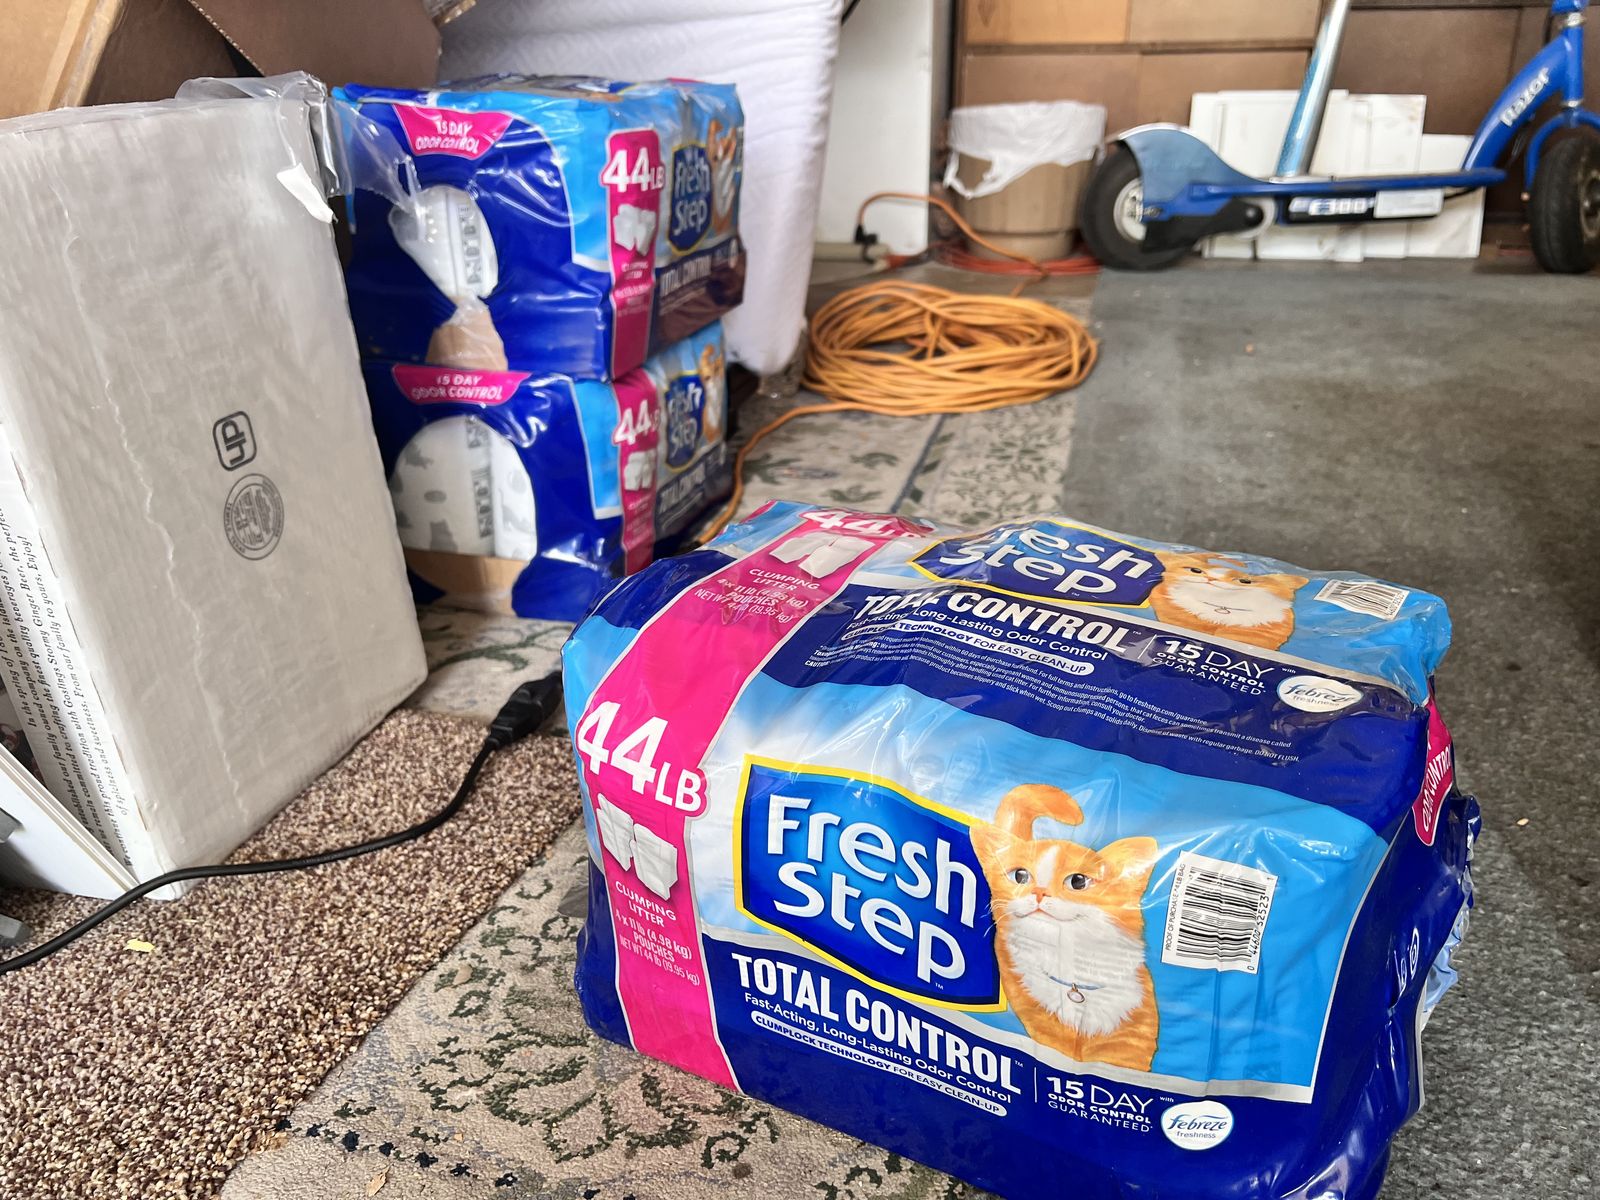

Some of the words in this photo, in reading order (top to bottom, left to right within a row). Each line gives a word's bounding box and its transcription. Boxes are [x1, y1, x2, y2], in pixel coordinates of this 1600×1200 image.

[449, 121, 473, 136] DAY
[448, 385, 503, 400] CONTROL
[452, 374, 482, 386] DAY
[8, 547, 20, 561] the
[16, 535, 37, 569] Enjoy!
[16, 567, 30, 590] Beer,
[749, 567, 821, 591] CLUMPING
[940, 544, 1117, 594] Step
[0, 576, 23, 621] beverages
[34, 574, 53, 605] yours,
[726, 587, 778, 611] POUCHES
[753, 577, 798, 593] LITTER
[26, 594, 43, 625] Ginger
[46, 608, 55, 618] to
[694, 588, 714, 600] NET
[748, 602, 776, 616] (19.95
[776, 612, 793, 623] kg)
[6, 629, 17, 642] the
[49, 622, 70, 652] family
[912, 608, 1003, 637] Long-Lasting
[1006, 630, 1046, 646] Odor
[1048, 641, 1109, 662] Control
[947, 592, 1129, 652] CONTROL
[13, 646, 23, 657] on
[19, 625, 39, 657] quality
[40, 630, 57, 663] Stormy
[898, 621, 974, 645] TECHNOLOGY
[973, 638, 998, 651] FOR
[997, 644, 1029, 659] EASY
[1028, 652, 1088, 675] CLEAN-UP
[1, 657, 14, 666] of
[31, 660, 50, 686] finest
[62, 653, 74, 670] our
[1156, 651, 1195, 667] ODOR
[1199, 662, 1265, 690] CONTROL
[1164, 639, 1204, 660] 15
[1205, 650, 1275, 680] DAY
[1281, 666, 1297, 675] with
[9, 670, 27, 698] spring
[19, 660, 39, 699] company
[53, 668, 73, 706] Goslings
[70, 674, 84, 697] From
[1152, 656, 1262, 696] GUARANTEED
[20, 702, 32, 714] the
[42, 688, 53, 702] the
[49, 704, 67, 738] crafting
[66, 711, 81, 729] with
[46, 732, 65, 761] family
[64, 742, 73, 751] to
[78, 733, 96, 771] tradition
[767, 794, 977, 929] Fresh
[615, 881, 677, 922] CLUMPING
[628, 900, 664, 928] LITTER
[773, 861, 966, 984] Step
[633, 931, 673, 961] POUCHES
[647, 928, 671, 949] (4.98
[673, 940, 691, 959] kg)
[619, 934, 631, 950] NET
[631, 942, 642, 956] WT
[662, 958, 684, 977] (19.95
[686, 969, 700, 987] kg)
[732, 952, 839, 1022] TOTAL
[845, 988, 1021, 1095] CONTROL
[744, 992, 820, 1032] Fast-Acting,
[823, 1022, 912, 1067] Long-Lasting
[914, 1058, 954, 1081] Odor
[956, 1075, 1012, 1103] Control
[756, 1016, 817, 1046] CLUMPLOCK
[817, 1041, 892, 1071] TECHNOLOGY
[893, 1066, 915, 1081] FOR
[915, 1074, 944, 1091] EASY
[944, 1086, 1001, 1115] CLEAN-UP
[1046, 1077, 1085, 1099] 15
[1091, 1084, 1154, 1114] DAY
[1048, 1093, 1085, 1110] ODOR
[1090, 1105, 1151, 1125] CONTROL
[1159, 1095, 1175, 1103] with
[1048, 1100, 1151, 1133] GUARANTEED
[1166, 1113, 1229, 1131] febreze
[1176, 1130, 1217, 1139] freshness

************

◆ WHAT THE TASK REQUIRES: Output an exact copy of the material, with the pictures removed.

◆ RESPONSE TO THE EXERCISE:
Some of the words in this photo, in reading order (top to bottom, left to right within a row). Each line gives a word's bounding box and its transcription. Boxes are [x1, y1, x2, y2], in pixel coordinates of this 1600×1200 image.

[449, 121, 473, 136] DAY
[448, 385, 503, 400] CONTROL
[452, 374, 482, 386] DAY
[8, 547, 20, 561] the
[16, 535, 37, 569] Enjoy!
[16, 567, 30, 590] Beer,
[749, 567, 821, 591] CLUMPING
[940, 544, 1117, 594] Step
[0, 576, 23, 621] beverages
[34, 574, 53, 605] yours,
[726, 587, 778, 611] POUCHES
[753, 577, 798, 593] LITTER
[26, 594, 43, 625] Ginger
[46, 608, 55, 618] to
[694, 588, 714, 600] NET
[748, 602, 776, 616] (19.95
[776, 612, 793, 623] kg)
[6, 629, 17, 642] the
[49, 622, 70, 652] family
[912, 608, 1003, 637] Long-Lasting
[1006, 630, 1046, 646] Odor
[1048, 641, 1109, 662] Control
[947, 592, 1129, 652] CONTROL
[13, 646, 23, 657] on
[19, 625, 39, 657] quality
[40, 630, 57, 663] Stormy
[898, 621, 974, 645] TECHNOLOGY
[973, 638, 998, 651] FOR
[997, 644, 1029, 659] EASY
[1028, 652, 1088, 675] CLEAN-UP
[1, 657, 14, 666] of
[31, 660, 50, 686] finest
[62, 653, 74, 670] our
[1156, 651, 1195, 667] ODOR
[1199, 662, 1265, 690] CONTROL
[1164, 639, 1204, 660] 15
[1205, 650, 1275, 680] DAY
[1281, 666, 1297, 675] with
[9, 670, 27, 698] spring
[19, 660, 39, 699] company
[53, 668, 73, 706] Goslings
[70, 674, 84, 697] From
[1152, 656, 1262, 696] GUARANTEED
[20, 702, 32, 714] the
[42, 688, 53, 702] the
[49, 704, 67, 738] crafting
[66, 711, 81, 729] with
[46, 732, 65, 761] family
[64, 742, 73, 751] to
[78, 733, 96, 771] tradition
[767, 794, 977, 929] Fresh
[615, 881, 677, 922] CLUMPING
[628, 900, 664, 928] LITTER
[773, 861, 966, 984] Step
[633, 931, 673, 961] POUCHES
[647, 928, 671, 949] (4.98
[673, 940, 691, 959] kg)
[619, 934, 631, 950] NET
[631, 942, 642, 956] WT
[662, 958, 684, 977] (19.95
[686, 969, 700, 987] kg)
[732, 952, 839, 1022] TOTAL
[845, 988, 1021, 1095] CONTROL
[744, 992, 820, 1032] Fast-Acting,
[823, 1022, 912, 1067] Long-Lasting
[914, 1058, 954, 1081] Odor
[956, 1075, 1012, 1103] Control
[756, 1016, 817, 1046] CLUMPLOCK
[817, 1041, 892, 1071] TECHNOLOGY
[893, 1066, 915, 1081] FOR
[915, 1074, 944, 1091] EASY
[944, 1086, 1001, 1115] CLEAN-UP
[1046, 1077, 1085, 1099] 15
[1091, 1084, 1154, 1114] DAY
[1048, 1093, 1085, 1110] ODOR
[1090, 1105, 1151, 1125] CONTROL
[1159, 1095, 1175, 1103] with
[1048, 1100, 1151, 1133] GUARANTEED
[1166, 1113, 1229, 1131] febreze
[1176, 1130, 1217, 1139] freshness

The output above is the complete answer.